Image-backed grounding data:
***
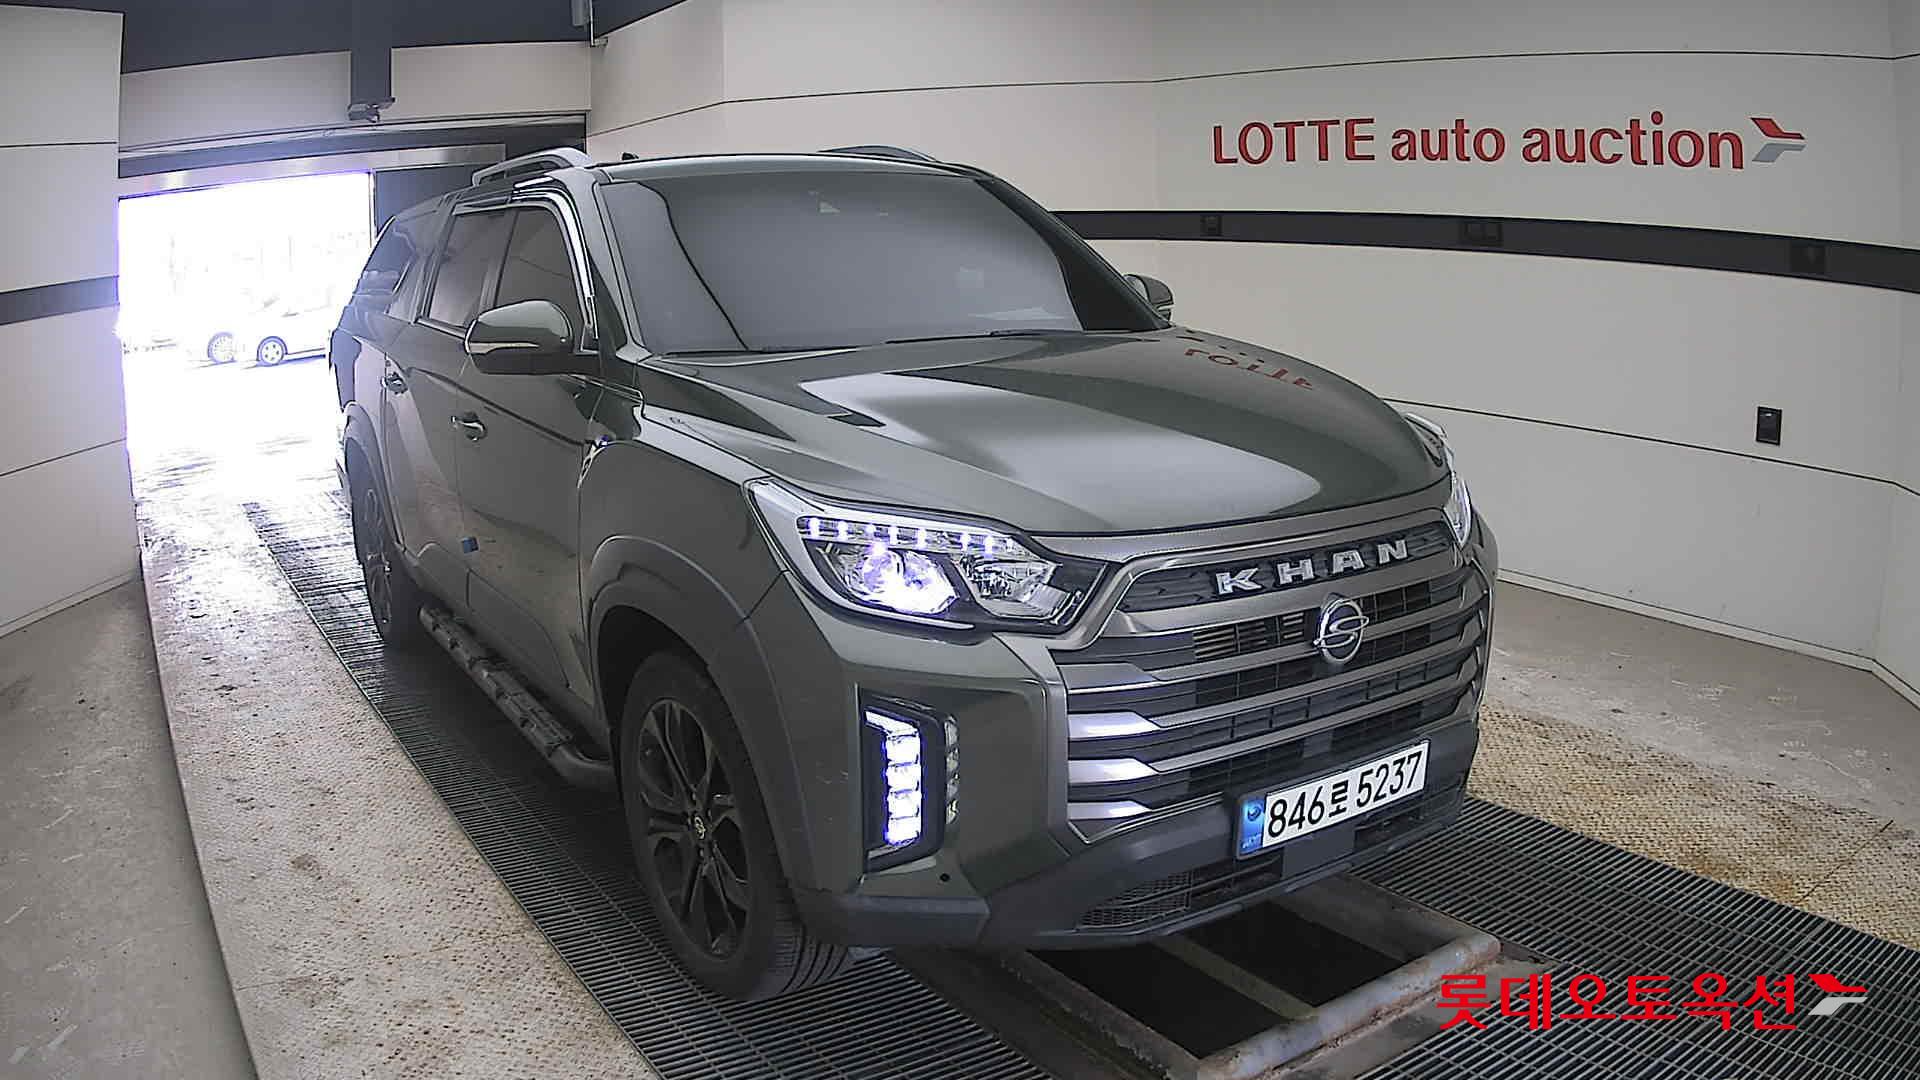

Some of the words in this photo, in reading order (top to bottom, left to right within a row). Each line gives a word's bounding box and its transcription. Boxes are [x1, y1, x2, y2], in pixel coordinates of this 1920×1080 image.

[1213, 119, 1375, 164] LOTTE
[1391, 118, 1504, 163] auto
[1522, 111, 1745, 169] auction
[1216, 540, 1409, 595] KHAN
[1268, 780, 1348, 838] 846로
[1356, 751, 1423, 808] 5237
***
**TASK GOAL:** Output all of the data word for word, excluding any pictures.

**EXERCISE SOLUTION:**
Some of the words in this photo, in reading order (top to bottom, left to right within a row). Each line gives a word's bounding box and its transcription. Boxes are [x1, y1, x2, y2], in pixel coordinates of this 1920×1080 image.

[1213, 119, 1375, 164] LOTTE
[1391, 118, 1504, 163] auto
[1522, 111, 1745, 169] auction
[1216, 540, 1409, 595] KHAN
[1268, 780, 1348, 838] 846로
[1356, 751, 1423, 808] 5237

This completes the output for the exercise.